High Score tomek for 516.49 points (11 mins 49 secs)

Average Score 360.31 (for 73 correct submissions)

When I saw mention of Legendre's proof of all integers above 1719 being expressible as the sum of four hexagonal numbers, I could not help but think "this obscure, useless bit of number theory trivia is just crying out to be built into SRM problem." Plus it is really a knapsack problem with the constraint that no solution has more than 6 elements and a guarantee that a solution always exists. It is different than most knapsack problems we see in SRMs in that the number of items to choose from is quite high (there are 707 hexagonal numbers less than a million and you have to consider using each hexagonal number up to 5 times) but the constraints make the problem very doable.

The first step is to generate the hexagonal numbers. The very first google hit on "hexagonal numbers" leads you to a page where Legendre's proof is mentioned and gives the formula for the nth hexagonal number as n*(n2-1), using 1-based indexing. Otherwise it is pretty easy to see that hex(0)=1 and hex(n)=hex(n-1)+4n+1 when using 0-based indexing and that is sufficient to quickly generate a table of as many hexagonal numbers as you need. Or, since it is a two dimensional figure, it is reasonable to expect that the number of points is a quadratic function. Knowing that one can generate Legendre polynomials from 3 data points to directly give the formula. Which is a bit of overkill, but it does give me an excuse for mentioning Legendre a couple more times.

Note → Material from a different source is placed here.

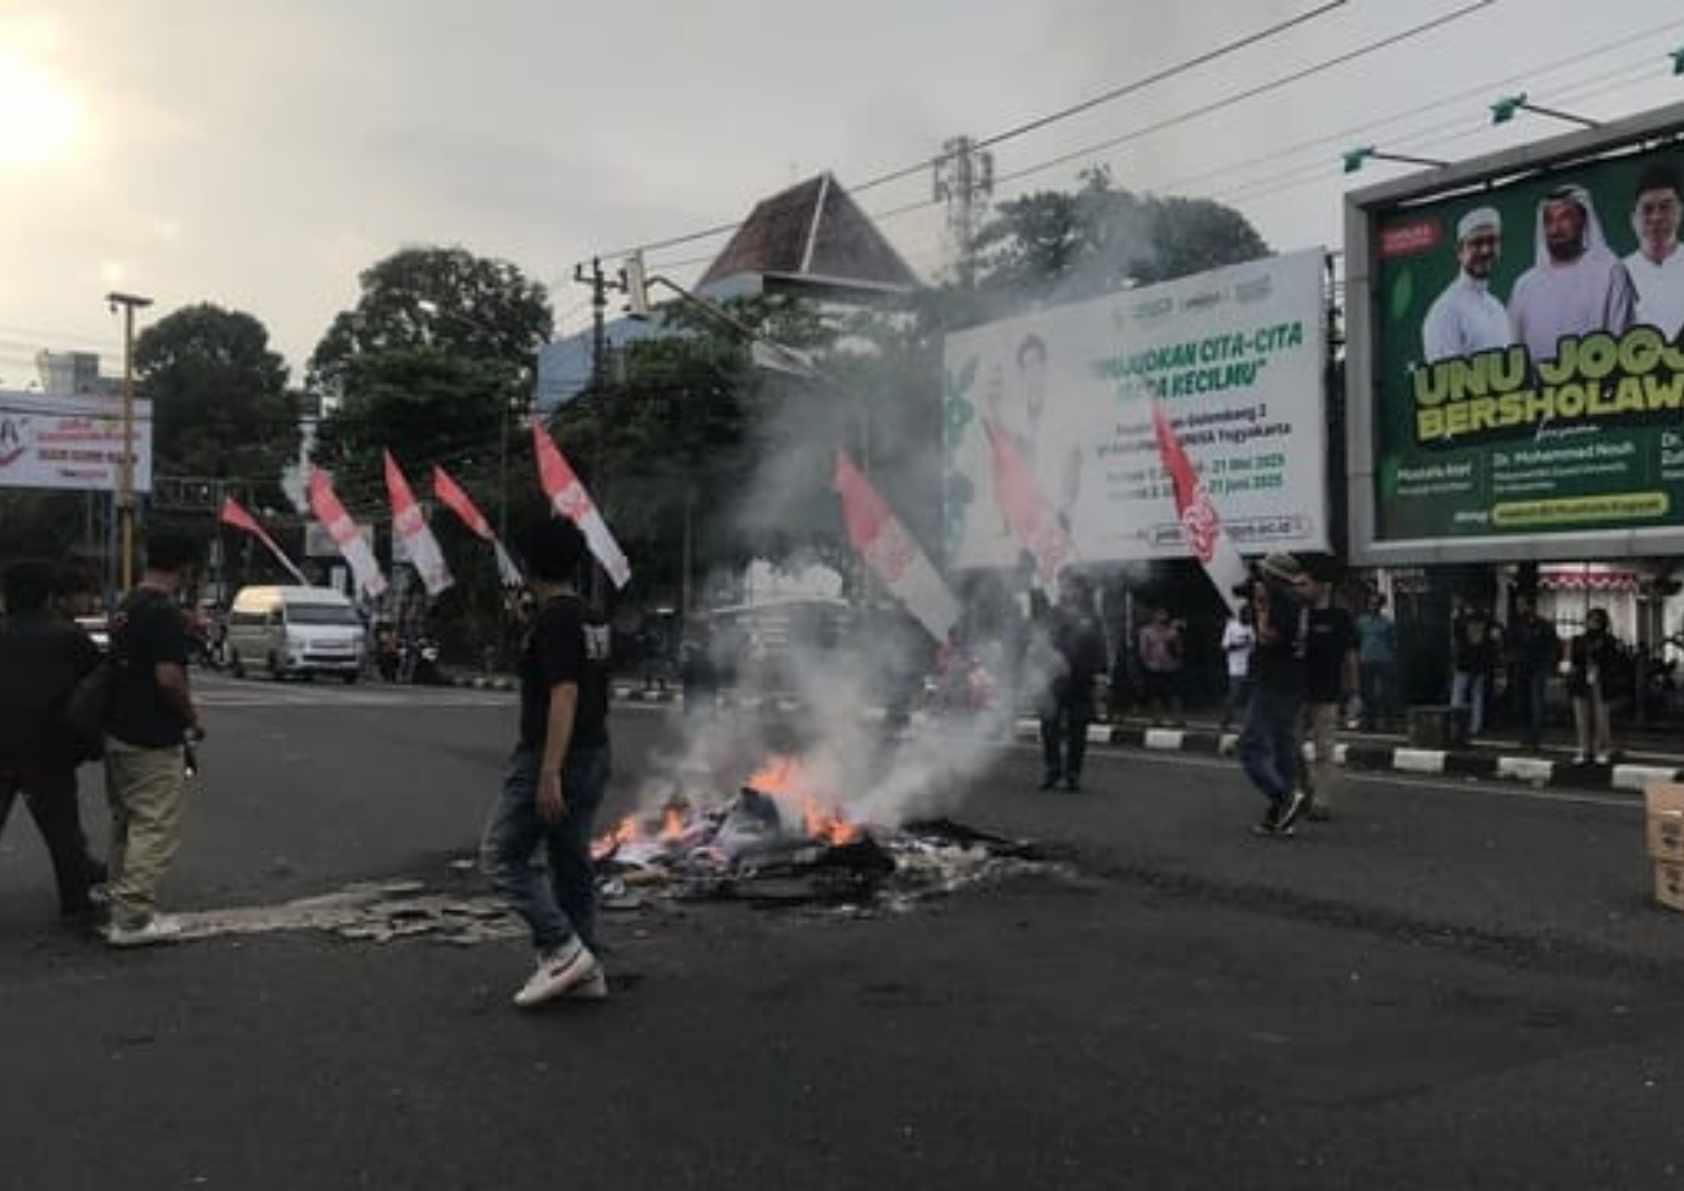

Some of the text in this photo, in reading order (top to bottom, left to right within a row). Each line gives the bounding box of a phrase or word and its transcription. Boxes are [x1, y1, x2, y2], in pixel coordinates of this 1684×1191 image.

Many ways exist to attack this problem. If you don't know about all the range limits mentioned in the problem (those hints were there for a reason) but had an idea that the answers were always small, then you might try something like a progressive deepening search. Is it a equal to a hexagonal number, is it equal to the sum of two hexagonal numbers, is it equal to the sum of three hexagonal numbers, etc. It turns out this works just fine. But if you started out by checking all combinations of 6 or fewer hexagonal numbers, you are going to have problems because there are a lot of hexagonal numbers less than a million. The pseudo-polynomial time knapsack algorithm is even just a bit too slow for this problem because there are so many hexagonal numbers, and each hexagonal number might be used multiple times in a sum.

When you are looking for combinations of a most N items, it is more efficient to use N-1 nested loops and some kind of hash table or tree look up for the Nth item, instead of using N nested loops (or recursive calls). This one level of optimization is quite sufficient for this problem. And if you know that a particular sum exists and has at most N terms once you finish searching for N-1 terms you are done. There is no reason to continue on to verify that there is indeed an N term solution.

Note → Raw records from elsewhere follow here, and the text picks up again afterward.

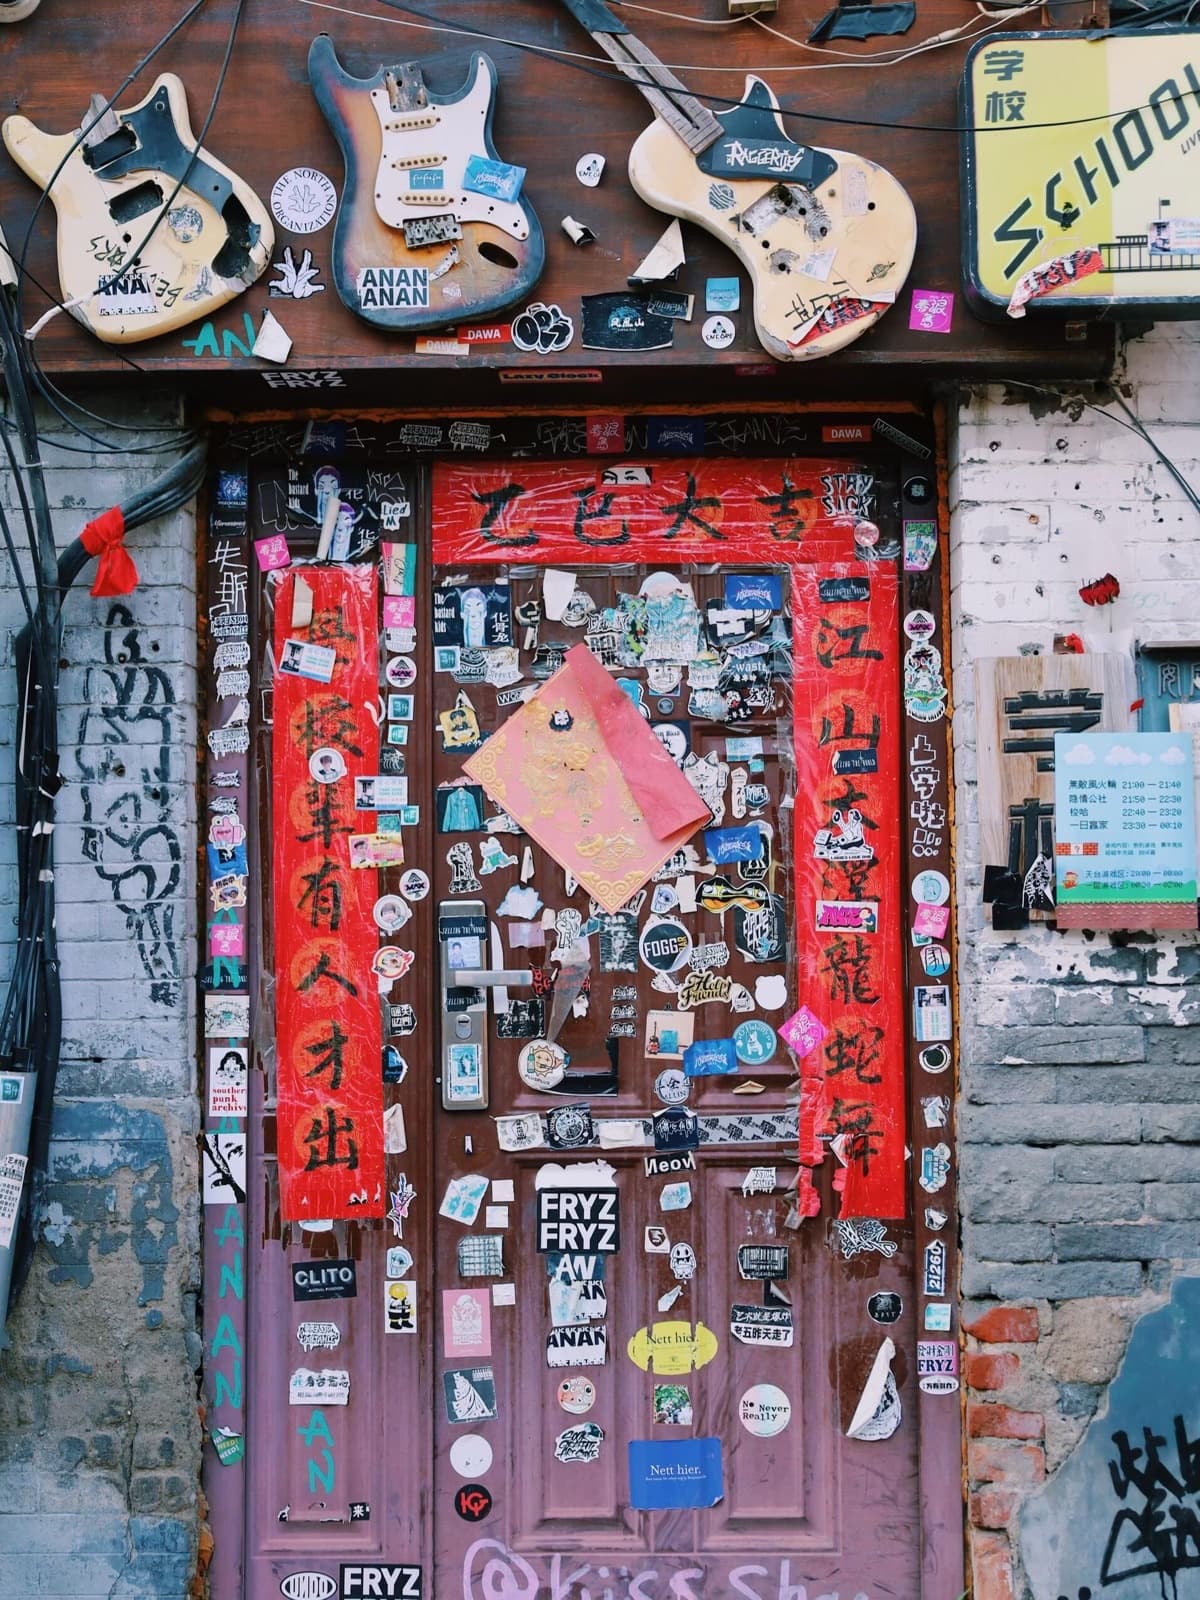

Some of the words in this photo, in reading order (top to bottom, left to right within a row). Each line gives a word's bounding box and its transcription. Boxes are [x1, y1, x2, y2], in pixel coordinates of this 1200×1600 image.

[984, 50, 1027, 122] 学校
[272, 174, 292, 198] THE
[294, 168, 332, 194] NORTH
[273, 193, 336, 231] ORGANIZATION
[362, 269, 428, 287] ANAN
[362, 287, 428, 306] ANAN
[468, 328, 501, 340] DAWA
[261, 371, 342, 380] FRYZ
[269, 380, 347, 388] FRYZ
[503, 373, 544, 381] Lazy
[831, 428, 863, 440] DAWA
[821, 473, 875, 496] STAY
[471, 471, 814, 547] 乙巳大吉
[823, 496, 876, 519] SICK
[434, 593, 445, 605] The
[434, 606, 456, 618] bastard
[434, 620, 447, 633] kids
[491, 611, 511, 643] 化骨龙
[644, 940, 678, 958] FOGG
[212, 1095, 237, 1104] punk
[541, 1193, 616, 1220] FRYZ
[541, 1223, 616, 1250] FRYZ
[295, 1267, 352, 1287] CLITO
[734, 1326, 791, 1342] 老五昨天走了
[918, 1359, 954, 1372] FRYZ
[742, 1411, 778, 1422] Really
[759, 1404, 790, 1413] Never
[651, 1465, 674, 1475] Nett
[677, 1464, 701, 1475] hier.
[344, 1567, 420, 1596] FRYZ

Since I gave so many hints, this is the sort of solution I expected to people to write if you included all the optimizations: This code is actually O(sqrt(n) log n), wow! Because for large sums you never get past the if (sum>146858) return 3 ; You could be much sloppier and still be fast enough. For an even faster, but somewhat silly, solution, see the "writer" solution in the practice room for Div-I.

hex[0]=n=1;
while(hex[n-1]<=sum )
   {
   if ( hex[n-1]==sum ) return 1 ;
   hex[n]=hex[n-1]+4*n+1;
   n++ ;
   }
if ( search (sum , 2, 0) ) return 2 ;
if ( sum > 146858) return 3 ;
if ( search (sum, 3, 0) ) return 3 ;
if ( sum > 130 ) return 4 ;
if ( search (sum, 4, 0) ) return 4 ;
if ( sum > 26 ) return 5 ;
if ( search (sum, 5, 0) ) return 5 ;
return 6;

boolean search ( int goal , int terms , int smallest)
{
if ( goal < 0 ) return false ;
if ( terms > 2 )
   for ( i = smallest ; hex[i] <= goal / terms ; i ++ )
      if ( search ( goal-hex[i] , terms-1 , i ) )
         return true ;
else
   for ( i = 0 ; hex[i] <= goal / terms ; i ++ )
      if ( Arrays.binarySearch (hex, goal-hex[i]) >= 0 )
         return true ;
return false ;

LongPipes

Used as: Division One - Level Three:

Value 1000

Submission Rate 26 / 150 (17.33%)

Success Rate 8 / 26 (30.77%)

High Score gepa for 721.54 points (19 mins 17 secs)

Average Score 617.22 (for 8 correct submissions)

LongPipes is a plain vanilla knapsack problem. The range of the values is to large too use the pseudo-polynomial algorithm. The number of items is too big to enumerate all the possible combinations. We know it is an NP-complete problem so there is not going to be a polynomial time algorithm that we can use. We must somehow reduce the exponent, 38, down to a more reasonable value, such as 19. This can be done with a standard algorithmic technique, divide-and-conquer. Divide-and-conquer is basic idea behind many popular algorithms and meta-algorithms such as dynamic programming. Can you somehow divide the problem into pieces, do some separate processing on the pieces, and then combine the results in a way that is less work than attacking the whole problem directly? For many problems you can do this recursively and the speed up is dramatic. For the knapsack problem it is pretty much only possible to apply this technique once, for one big speedup.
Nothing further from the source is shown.